(Stored data entries)
=====

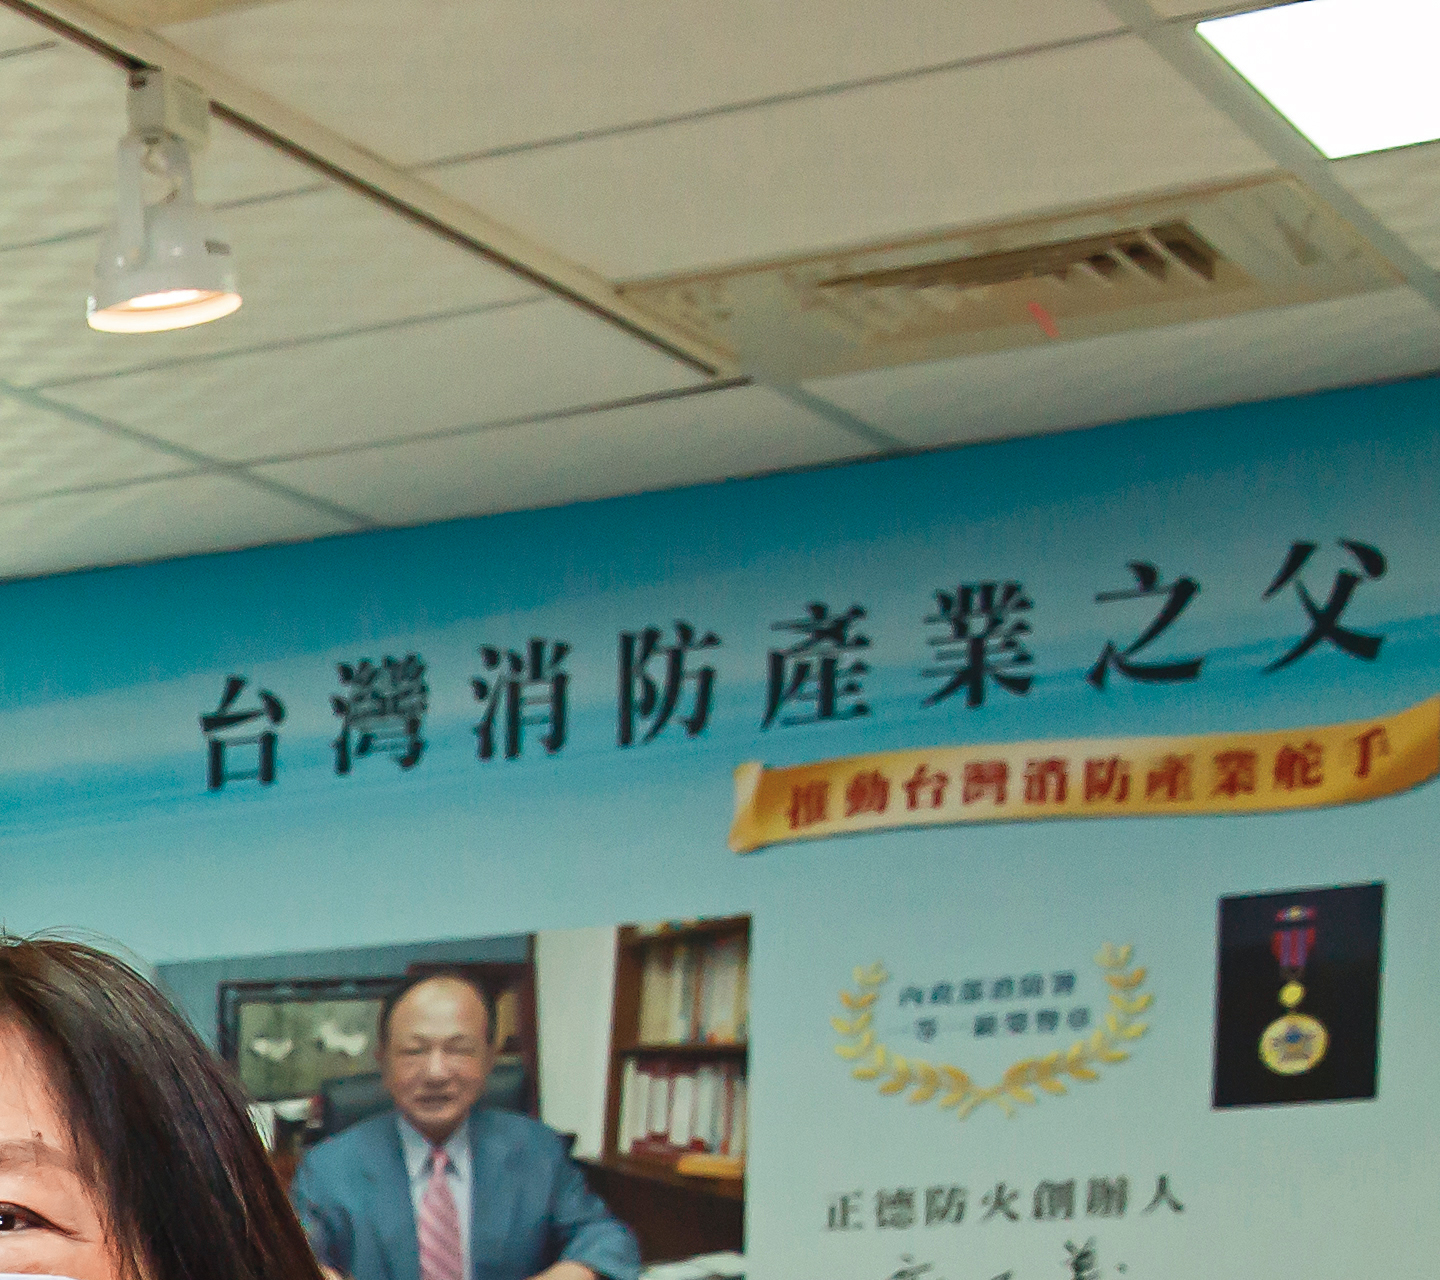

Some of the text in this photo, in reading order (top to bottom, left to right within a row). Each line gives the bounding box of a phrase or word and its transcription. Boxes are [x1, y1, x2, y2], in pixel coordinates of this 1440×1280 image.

[197, 537, 1389, 793] 台灣消防產業之父
[822, 1173, 1185, 1233] 正德防火創辦人
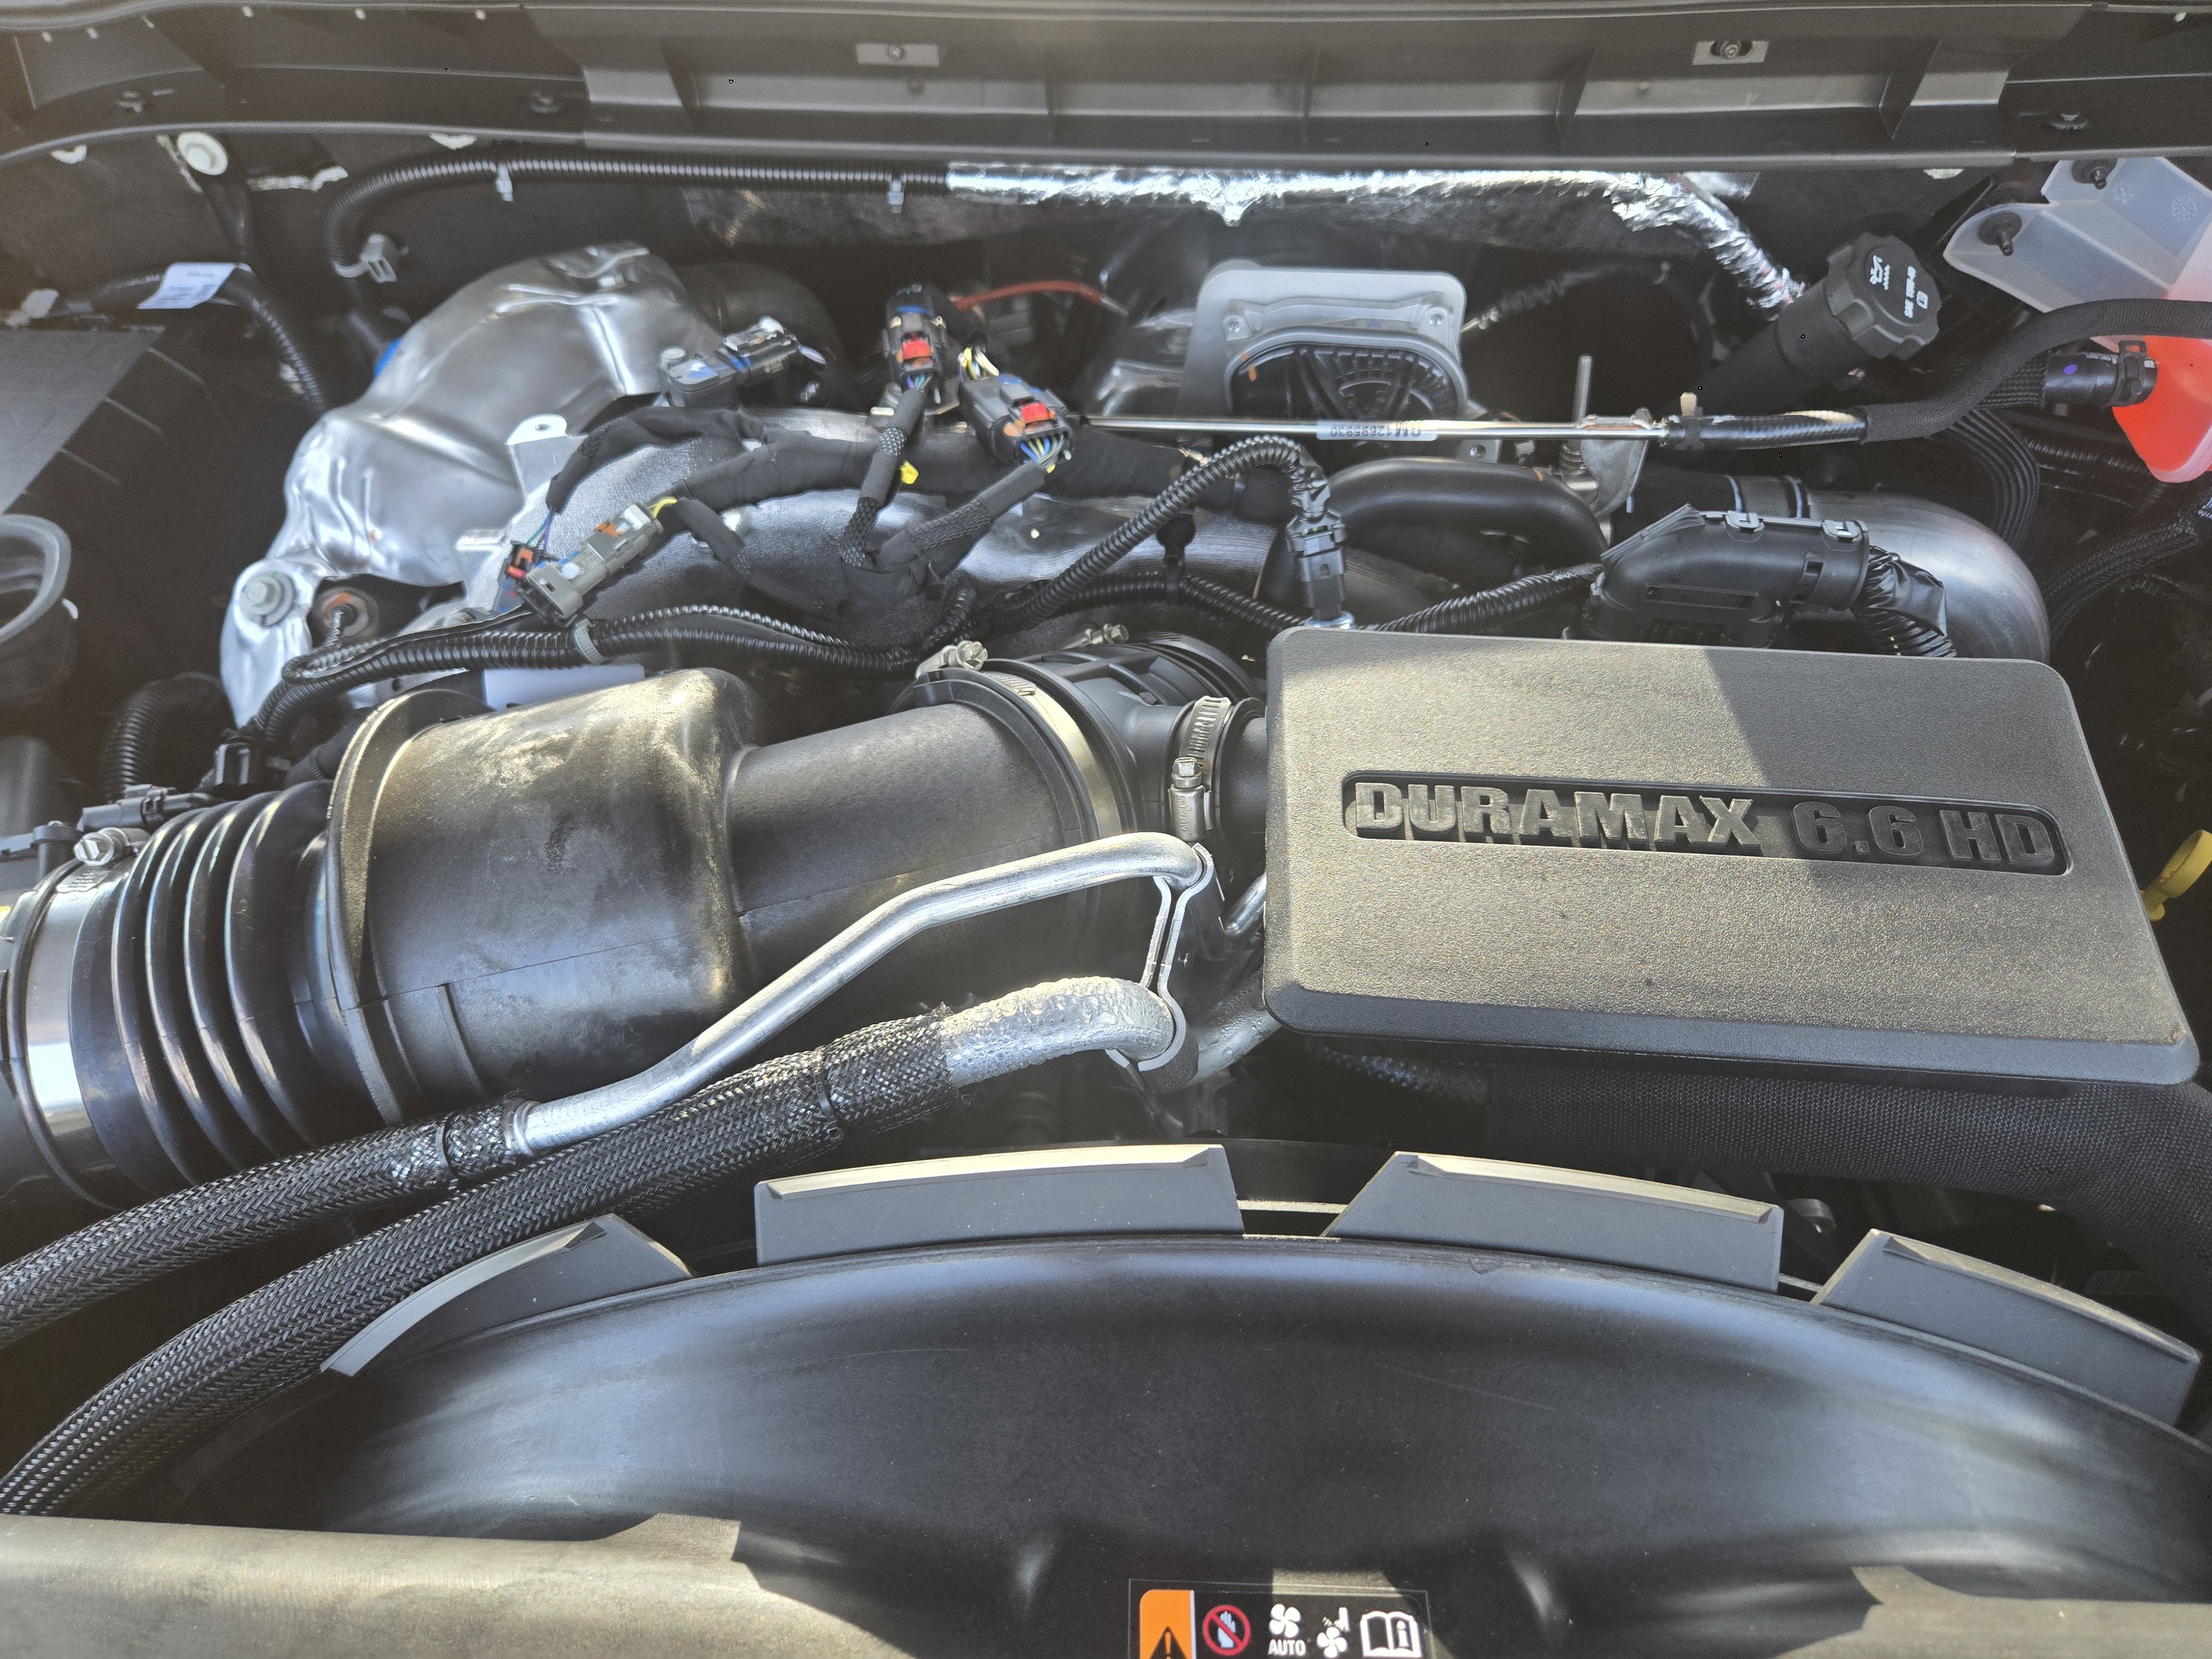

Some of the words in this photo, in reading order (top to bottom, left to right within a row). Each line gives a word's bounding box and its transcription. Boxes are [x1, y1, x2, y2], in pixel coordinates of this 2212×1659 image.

[1355, 782, 1761, 846] DURAMAX
[1792, 801, 1924, 857] 6.6
[1939, 810, 2055, 864] HD
[1267, 1639, 1306, 1656] AUTO
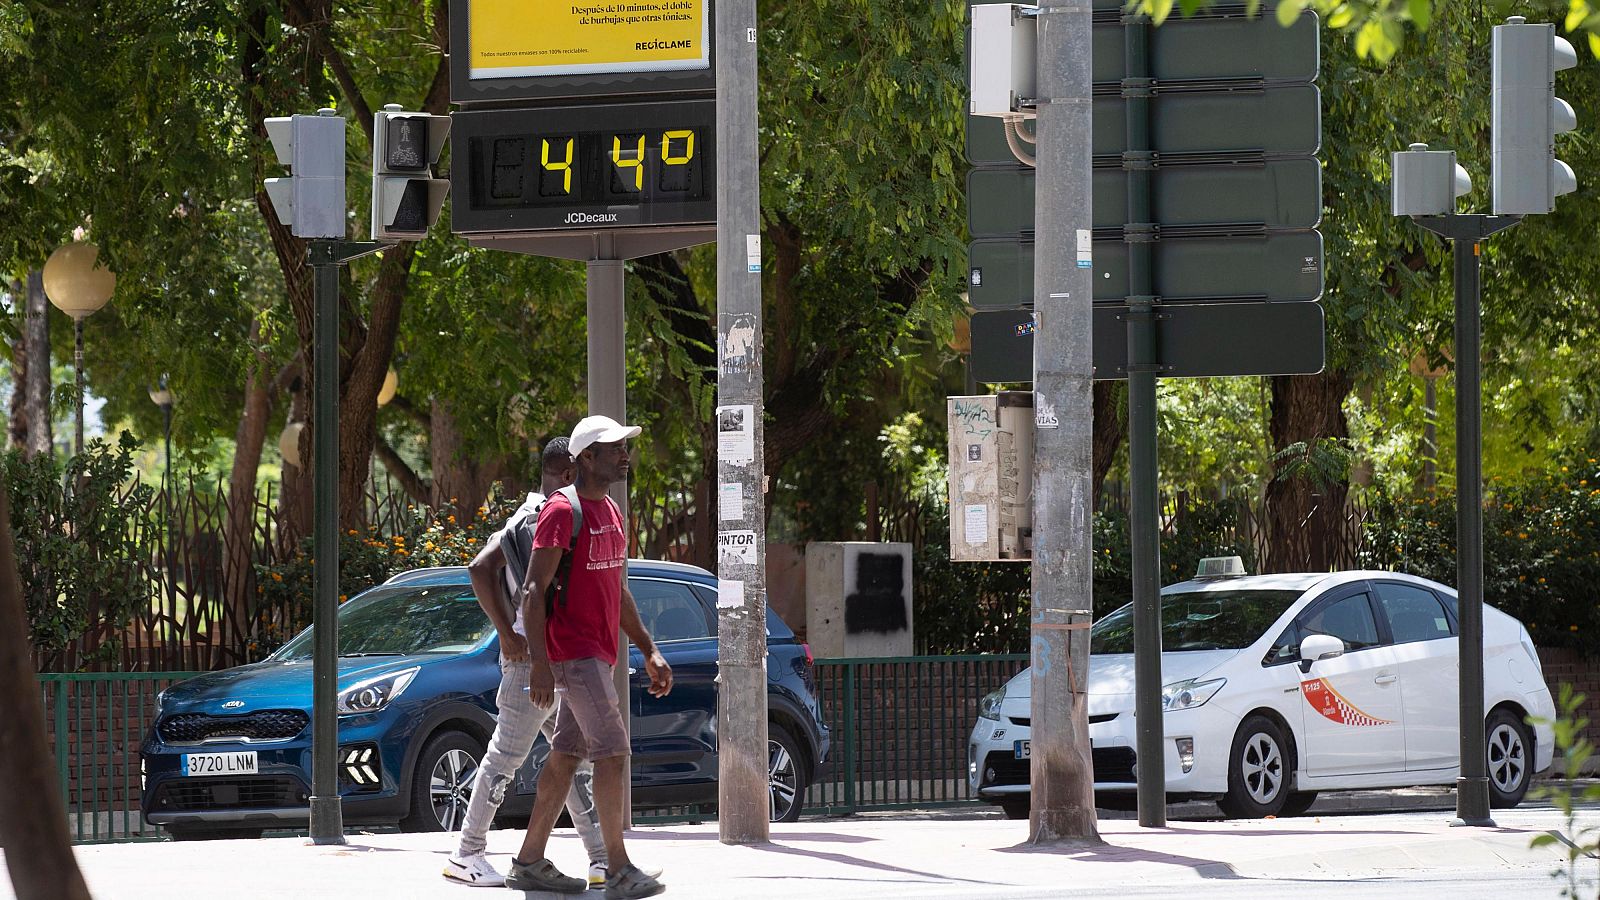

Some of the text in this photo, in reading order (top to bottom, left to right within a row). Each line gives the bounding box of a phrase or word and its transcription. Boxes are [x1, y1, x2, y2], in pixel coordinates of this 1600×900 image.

[571, 1, 692, 16] Después de 10 minutos, el doble
[579, 11, 692, 25] de burbujas que otras tónicas.
[564, 212, 617, 224] JCDecaux
[190, 754, 254, 772] 3720 LNM

=====

◆ Exercise objective:
Print every record exactly, without the pictures.

◆ Answer to this task:
Some of the text in this photo, in reading order (top to bottom, left to right within a row). Each line gives the bounding box of a phrase or word and its transcription. Boxes are [x1, y1, x2, y2], in pixel coordinates of this 1440×1280 image.

[197, 537, 1389, 793] 台灣消防產業之父
[822, 1173, 1185, 1233] 正德防火創辦人

Some of the words in this photo, in reading order (top to bottom, left to right within a row). Each line gives a word's bounding box and its transcription. Boxes are [x1, y1, x2, y2], in pixel coordinates of this 2212×1659 image.

[1355, 782, 1761, 846] DURAMAX
[1792, 801, 1924, 857] 6.6
[1939, 810, 2055, 864] HD
[1267, 1639, 1306, 1656] AUTO

Some of the text in this photo, in reading order (top to bottom, left to right within a row). Each line gives the bounding box of a phrase or word and its transcription. Boxes are [x1, y1, x2, y2], in pixel coordinates of this 1600×900 image.

[571, 1, 692, 16] Después de 10 minutos, el doble
[579, 11, 692, 25] de burbujas que otras tónicas.
[564, 212, 617, 224] JCDecaux
[190, 754, 254, 772] 3720 LNM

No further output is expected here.